Indeed, the mosaic blastocyst rates are influenced by a number of factors, such as the culture environment [20], sperm quality [23], and insemination method [21]. It has been shown that small alterations in the profiles generated by NGS, currently noted with the form “consistent with mosaicism” or “putative mosaicism",” could be artifacts of the PGT analysis or biopsy technique, and do not reflect an altered embryonic chromosomal status. Theoretically, in order to determine presence of a true chromosomal mosaicism, a second TE biopsy in the first specimen must be performed to confirm the specific variation in chromosomal copy number.
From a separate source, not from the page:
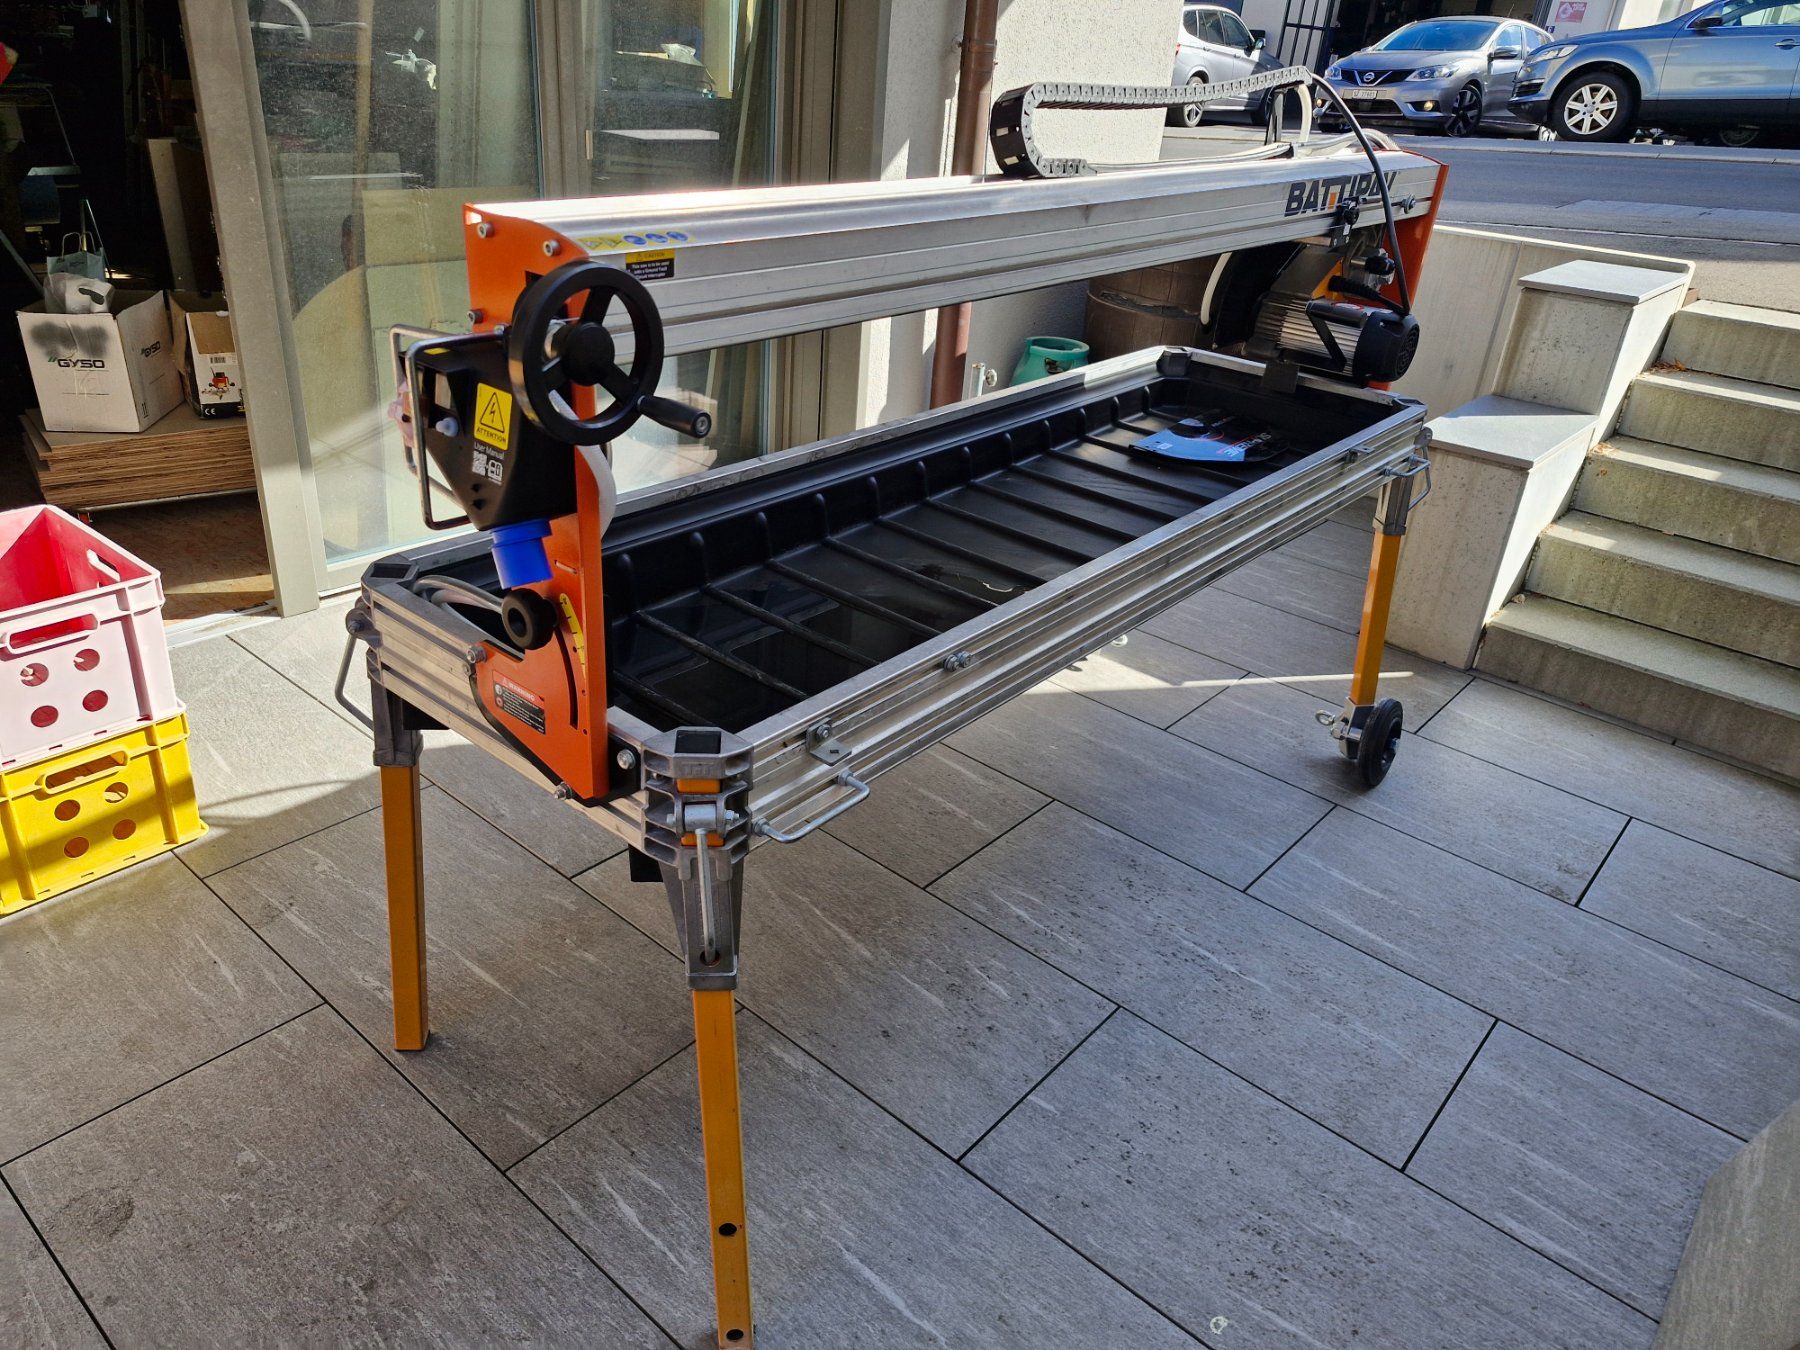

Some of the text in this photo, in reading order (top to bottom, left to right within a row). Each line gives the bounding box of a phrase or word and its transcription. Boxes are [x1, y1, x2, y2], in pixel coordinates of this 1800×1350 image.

[58, 358, 105, 369] GYSO
[476, 426, 506, 443] ATTENTION
[474, 441, 504, 460] User Manual
Therefore, the presence of technical noise should be kept in mind when we interpret the above results.

Our study is certainly limited by the small sample size and retrospective nature. The influence of culture conditions and stimulation protocols on the mosaicism rate cannot be ruled out since this study used a historical control in different years. In addition, ll embryos from the PGT cycles are cultured in the time-lapse monitoring system (EmbryoScope) at our clinic, which might be related to the outcomes inconsistent with others. A more comprehensive study with a large sample size and a prospective randomized controlled trial will be required to confirm our results in the future.

Conclusion

This study showed the possible effects of different biopsy protocols on mosaicism rate; ZP opening on day 3 embryos followed by TE biopsy on day 5 or day 6 might increase the incidence of mosaic blastocysts.